Output the data in full. Keep every word exact and exclude the pictures.

═══ Provided data

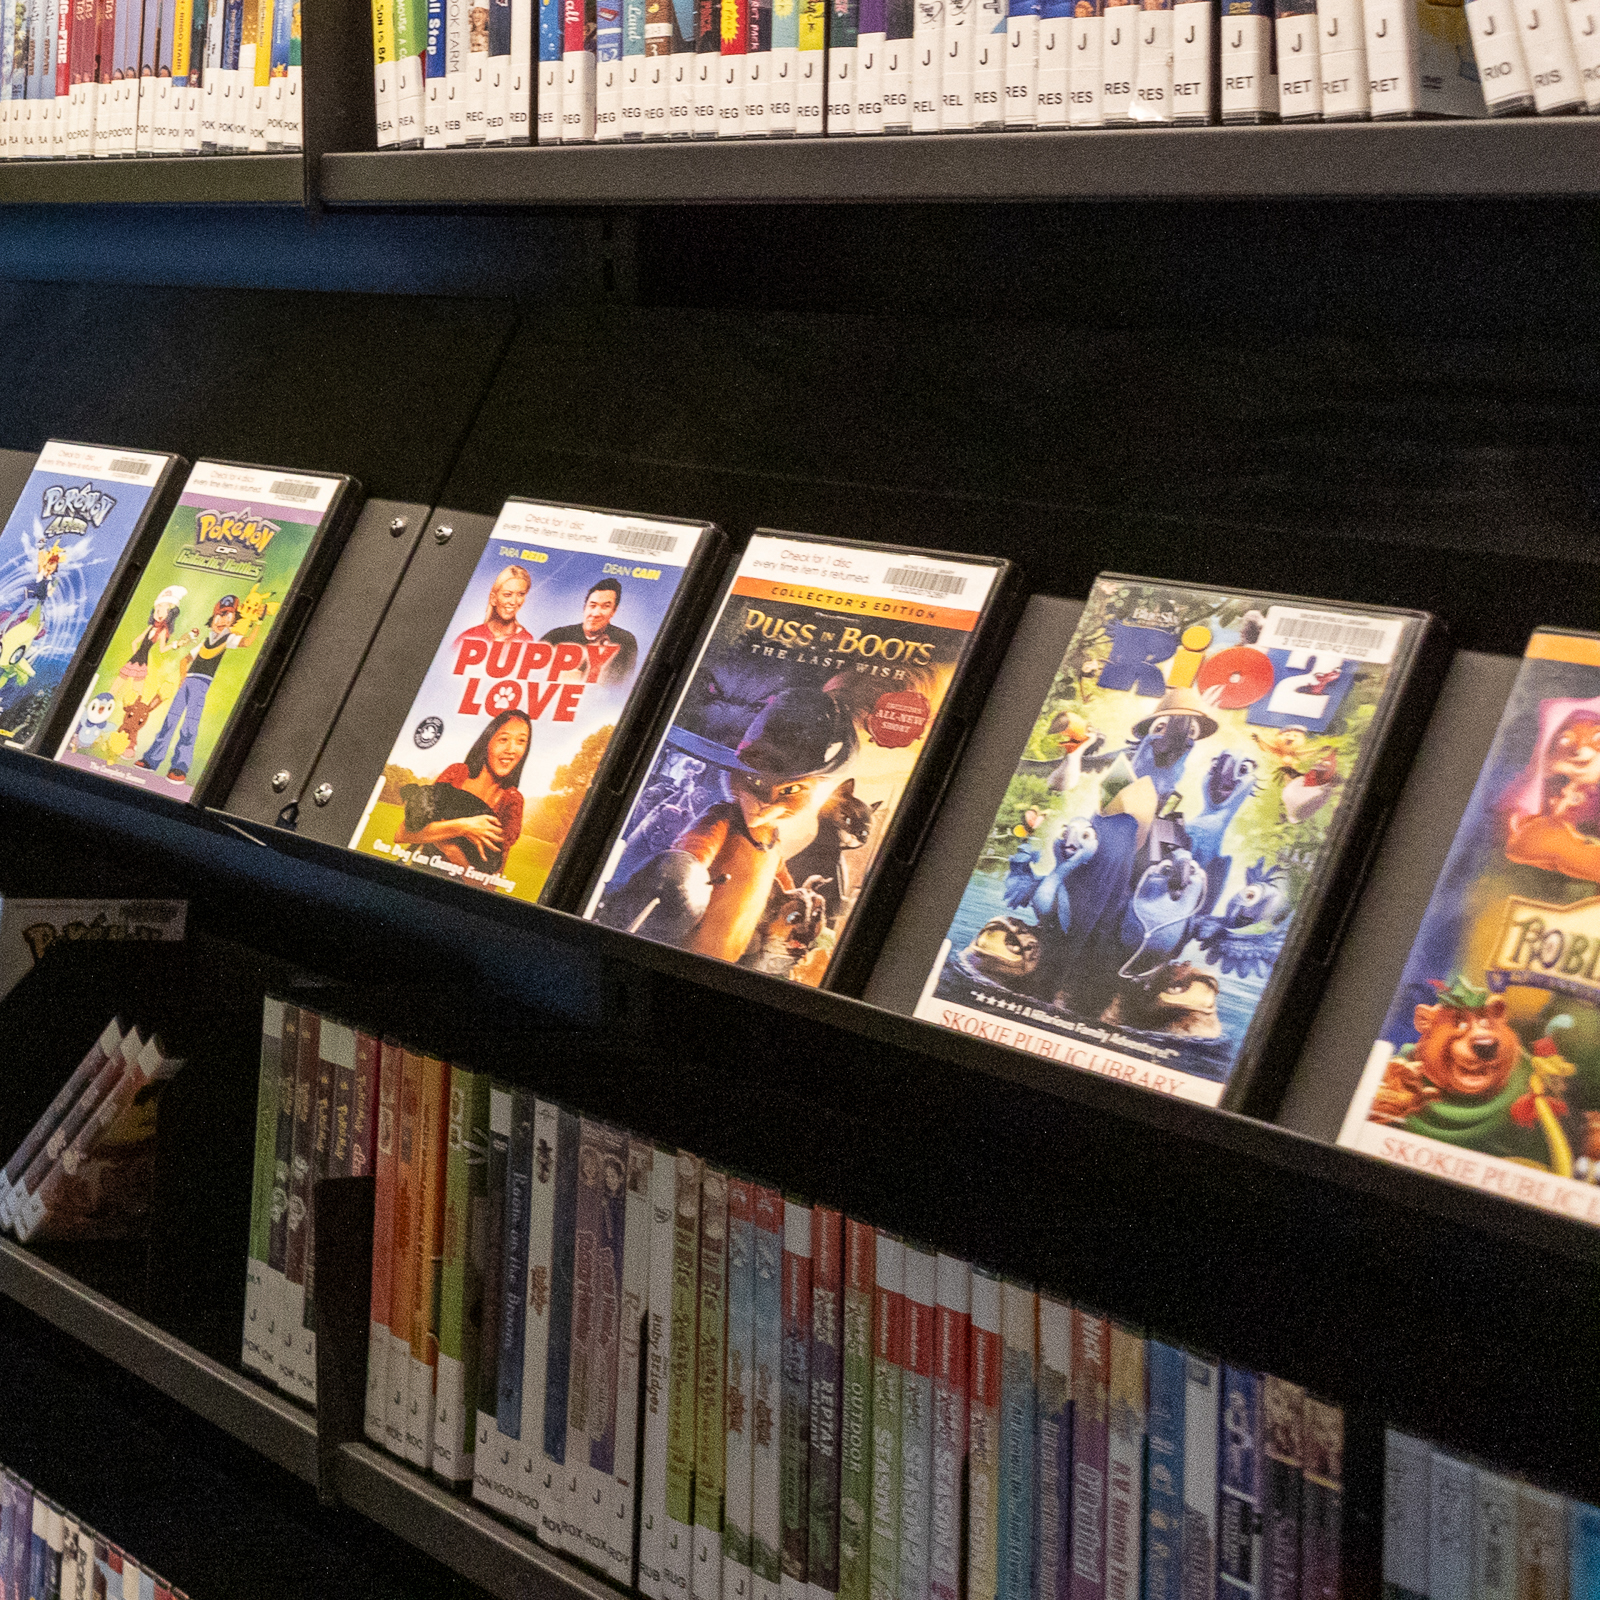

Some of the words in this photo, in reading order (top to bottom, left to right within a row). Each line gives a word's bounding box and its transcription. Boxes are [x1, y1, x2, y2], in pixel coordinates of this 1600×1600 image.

[428, 18, 440, 56] Step
[57, 30, 69, 64] FIRE
[450, 26, 460, 74] FARM
[1484, 62, 1512, 80] RIO
[1534, 70, 1561, 86] RIS
[1104, 82, 1131, 95] RES
[1174, 82, 1201, 96] RET
[1226, 75, 1254, 90] RET
[1283, 79, 1312, 95] RET
[1370, 78, 1399, 92] RET
[883, 93, 907, 105] REG
[943, 94, 963, 107] REL
[974, 92, 998, 104] RES
[1038, 93, 1063, 105] RES
[798, 106, 819, 117] REG
[828, 104, 850, 115] REG
[858, 102, 882, 114] REG
[913, 101, 936, 113] REL
[500, 546, 519, 558] TARA
[521, 550, 548, 563] REID
[781, 550, 810, 563] Check
[812, 554, 823, 565] for
[831, 557, 852, 569] disc
[603, 563, 631, 576] DEAN
[632, 568, 661, 580] CAIN
[753, 559, 777, 573] every
[779, 561, 797, 573] time
[799, 564, 819, 576] item
[829, 569, 870, 584] returned.
[771, 586, 868, 609] COLLECTOR'S
[874, 601, 937, 620] EDITION
[745, 609, 817, 647] PUSS
[821, 631, 836, 642] IN
[837, 626, 936, 666] BOOTS
[453, 639, 620, 683] PUPPY
[751, 644, 787, 660] THE
[797, 653, 846, 670] LAST
[856, 663, 907, 681] WISH
[1267, 648, 1345, 718] 2
[458, 677, 585, 722] LOVE
[875, 709, 926, 725] ALL-NEW
[373, 839, 391, 851] One
[412, 849, 429, 865] Can
[430, 855, 465, 876] Change
[465, 866, 516, 892] Everything
[941, 1009, 1012, 1044] SKOKIE
[1013, 1031, 1088, 1066] PUBLIC
[1088, 1052, 1185, 1095] LIBRARY
[1382, 1137, 1476, 1179] SKOKIE
[1480, 1167, 1580, 1211] PUBLIC
[850, 1382, 865, 1472] OUTDOOR

══════

Exercise answer:
Some of the words in this photo, in reading order (top to bottom, left to right within a row). Each line gives a word's bounding box and its transcription. Boxes are [x1, y1, x2, y2], in pixel coordinates of this 1600×1600 image.

[428, 18, 440, 56] Step
[57, 30, 69, 64] FIRE
[450, 26, 460, 74] FARM
[1484, 62, 1512, 80] RIO
[1534, 70, 1561, 86] RIS
[1104, 82, 1131, 95] RES
[1174, 82, 1201, 96] RET
[1226, 75, 1254, 90] RET
[1283, 79, 1312, 95] RET
[1370, 78, 1399, 92] RET
[883, 93, 907, 105] REG
[943, 94, 963, 107] REL
[974, 92, 998, 104] RES
[1038, 93, 1063, 105] RES
[798, 106, 819, 117] REG
[828, 104, 850, 115] REG
[858, 102, 882, 114] REG
[913, 101, 936, 113] REL
[500, 546, 519, 558] TARA
[521, 550, 548, 563] REID
[781, 550, 810, 563] Check
[812, 554, 823, 565] for
[831, 557, 852, 569] disc
[603, 563, 631, 576] DEAN
[632, 568, 661, 580] CAIN
[753, 559, 777, 573] every
[779, 561, 797, 573] time
[799, 564, 819, 576] item
[829, 569, 870, 584] returned.
[771, 586, 868, 609] COLLECTOR'S
[874, 601, 937, 620] EDITION
[745, 609, 817, 647] PUSS
[821, 631, 836, 642] IN
[837, 626, 936, 666] BOOTS
[453, 639, 620, 683] PUPPY
[751, 644, 787, 660] THE
[797, 653, 846, 670] LAST
[856, 663, 907, 681] WISH
[1267, 648, 1345, 718] 2
[458, 677, 585, 722] LOVE
[875, 709, 926, 725] ALL-NEW
[373, 839, 391, 851] One
[412, 849, 429, 865] Can
[430, 855, 465, 876] Change
[465, 866, 516, 892] Everything
[941, 1009, 1012, 1044] SKOKIE
[1013, 1031, 1088, 1066] PUBLIC
[1088, 1052, 1185, 1095] LIBRARY
[1382, 1137, 1476, 1179] SKOKIE
[1480, 1167, 1580, 1211] PUBLIC
[850, 1382, 865, 1472] OUTDOOR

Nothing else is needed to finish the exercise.